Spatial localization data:
┄┄┄┄┄┄┄┄┄┄
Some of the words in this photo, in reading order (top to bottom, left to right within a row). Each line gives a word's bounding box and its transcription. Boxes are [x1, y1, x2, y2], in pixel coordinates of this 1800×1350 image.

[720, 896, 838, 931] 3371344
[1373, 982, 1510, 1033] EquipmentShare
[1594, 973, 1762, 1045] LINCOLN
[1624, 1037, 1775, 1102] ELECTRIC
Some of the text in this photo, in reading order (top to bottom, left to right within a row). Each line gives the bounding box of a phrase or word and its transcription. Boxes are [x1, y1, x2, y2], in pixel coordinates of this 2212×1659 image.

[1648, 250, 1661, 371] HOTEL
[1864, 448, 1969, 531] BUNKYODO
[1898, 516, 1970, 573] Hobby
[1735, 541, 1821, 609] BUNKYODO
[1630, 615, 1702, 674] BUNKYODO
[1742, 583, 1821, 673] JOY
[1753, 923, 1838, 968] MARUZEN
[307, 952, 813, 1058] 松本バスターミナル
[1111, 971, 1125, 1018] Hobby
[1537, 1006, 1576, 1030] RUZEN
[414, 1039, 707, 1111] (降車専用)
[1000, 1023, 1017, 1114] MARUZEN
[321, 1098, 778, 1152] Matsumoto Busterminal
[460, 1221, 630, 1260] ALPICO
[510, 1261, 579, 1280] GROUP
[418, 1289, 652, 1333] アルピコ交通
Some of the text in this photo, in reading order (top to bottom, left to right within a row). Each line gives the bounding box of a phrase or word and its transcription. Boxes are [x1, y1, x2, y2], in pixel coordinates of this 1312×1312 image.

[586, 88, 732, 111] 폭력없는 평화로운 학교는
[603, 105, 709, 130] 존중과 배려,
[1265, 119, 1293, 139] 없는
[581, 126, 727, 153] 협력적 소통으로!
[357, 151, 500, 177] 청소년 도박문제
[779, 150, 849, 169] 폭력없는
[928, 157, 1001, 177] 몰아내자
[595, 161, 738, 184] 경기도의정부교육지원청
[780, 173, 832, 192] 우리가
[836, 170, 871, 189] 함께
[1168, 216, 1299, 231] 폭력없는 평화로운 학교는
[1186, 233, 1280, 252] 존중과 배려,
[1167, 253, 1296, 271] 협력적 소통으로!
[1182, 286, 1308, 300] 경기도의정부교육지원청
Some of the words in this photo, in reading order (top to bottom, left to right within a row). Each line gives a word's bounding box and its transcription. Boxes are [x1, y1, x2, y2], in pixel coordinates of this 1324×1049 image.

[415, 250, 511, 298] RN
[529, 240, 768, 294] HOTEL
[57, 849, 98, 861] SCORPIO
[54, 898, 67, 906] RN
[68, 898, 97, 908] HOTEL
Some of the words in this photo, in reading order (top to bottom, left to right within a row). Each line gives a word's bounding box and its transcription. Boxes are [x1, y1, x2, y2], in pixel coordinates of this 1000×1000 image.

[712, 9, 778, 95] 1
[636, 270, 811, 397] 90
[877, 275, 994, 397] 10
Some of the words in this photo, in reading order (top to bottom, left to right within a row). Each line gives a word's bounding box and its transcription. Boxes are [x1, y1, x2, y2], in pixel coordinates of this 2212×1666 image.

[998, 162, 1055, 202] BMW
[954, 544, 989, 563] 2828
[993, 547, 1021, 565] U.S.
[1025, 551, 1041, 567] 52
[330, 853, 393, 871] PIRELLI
┄┄┄┄┄┄┄┄┄┄
WHAT IS NEEDED: Each line in the records above must be returned exactly as it stands.

RESULT OF THIS TASK:
Some of the words in this photo, in reading order (top to bottom, left to right within a row). Each line gives a word's bounding box and its transcription. Boxes are [x1, y1, x2, y2], in pixel coordinates of this 1800×1350 image.

[720, 896, 838, 931] 3371344
[1373, 982, 1510, 1033] EquipmentShare
[1594, 973, 1762, 1045] LINCOLN
[1624, 1037, 1775, 1102] ELECTRIC
Some of the text in this photo, in reading order (top to bottom, left to right within a row). Each line gives the bounding box of a phrase or word and its transcription. Boxes are [x1, y1, x2, y2], in pixel coordinates of this 2212×1659 image.

[1648, 250, 1661, 371] HOTEL
[1864, 448, 1969, 531] BUNKYODO
[1898, 516, 1970, 573] Hobby
[1735, 541, 1821, 609] BUNKYODO
[1630, 615, 1702, 674] BUNKYODO
[1742, 583, 1821, 673] JOY
[1753, 923, 1838, 968] MARUZEN
[307, 952, 813, 1058] 松本バスターミナル
[1111, 971, 1125, 1018] Hobby
[1537, 1006, 1576, 1030] RUZEN
[414, 1039, 707, 1111] (降車専用)
[1000, 1023, 1017, 1114] MARUZEN
[321, 1098, 778, 1152] Matsumoto Busterminal
[460, 1221, 630, 1260] ALPICO
[510, 1261, 579, 1280] GROUP
[418, 1289, 652, 1333] アルピコ交通
Some of the text in this photo, in reading order (top to bottom, left to right within a row). Each line gives the bounding box of a phrase or word and its transcription. Boxes are [x1, y1, x2, y2], in pixel coordinates of this 1312×1312 image.

[586, 88, 732, 111] 폭력없는 평화로운 학교는
[603, 105, 709, 130] 존중과 배려,
[1265, 119, 1293, 139] 없는
[581, 126, 727, 153] 협력적 소통으로!
[357, 151, 500, 177] 청소년 도박문제
[779, 150, 849, 169] 폭력없는
[928, 157, 1001, 177] 몰아내자
[595, 161, 738, 184] 경기도의정부교육지원청
[780, 173, 832, 192] 우리가
[836, 170, 871, 189] 함께
[1168, 216, 1299, 231] 폭력없는 평화로운 학교는
[1186, 233, 1280, 252] 존중과 배려,
[1167, 253, 1296, 271] 협력적 소통으로!
[1182, 286, 1308, 300] 경기도의정부교육지원청
Some of the words in this photo, in reading order (top to bottom, left to right within a row). Each line gives a word's bounding box and its transcription. Boxes are [x1, y1, x2, y2], in pixel coordinates of this 1324×1049 image.

[415, 250, 511, 298] RN
[529, 240, 768, 294] HOTEL
[57, 849, 98, 861] SCORPIO
[54, 898, 67, 906] RN
[68, 898, 97, 908] HOTEL
Some of the words in this photo, in reading order (top to bottom, left to right within a row). Each line gives a word's bounding box and its transcription. Boxes are [x1, y1, x2, y2], in pixel coordinates of this 1000×1000 image.

[712, 9, 778, 95] 1
[636, 270, 811, 397] 90
[877, 275, 994, 397] 10
Some of the words in this photo, in reading order (top to bottom, left to right within a row). Each line gives a word's bounding box and its transcription. Boxes are [x1, y1, x2, y2], in pixel coordinates of this 2212×1666 image.

[998, 162, 1055, 202] BMW
[954, 544, 989, 563] 2828
[993, 547, 1021, 565] U.S.
[1025, 551, 1041, 567] 52
[330, 853, 393, 871] PIRELLI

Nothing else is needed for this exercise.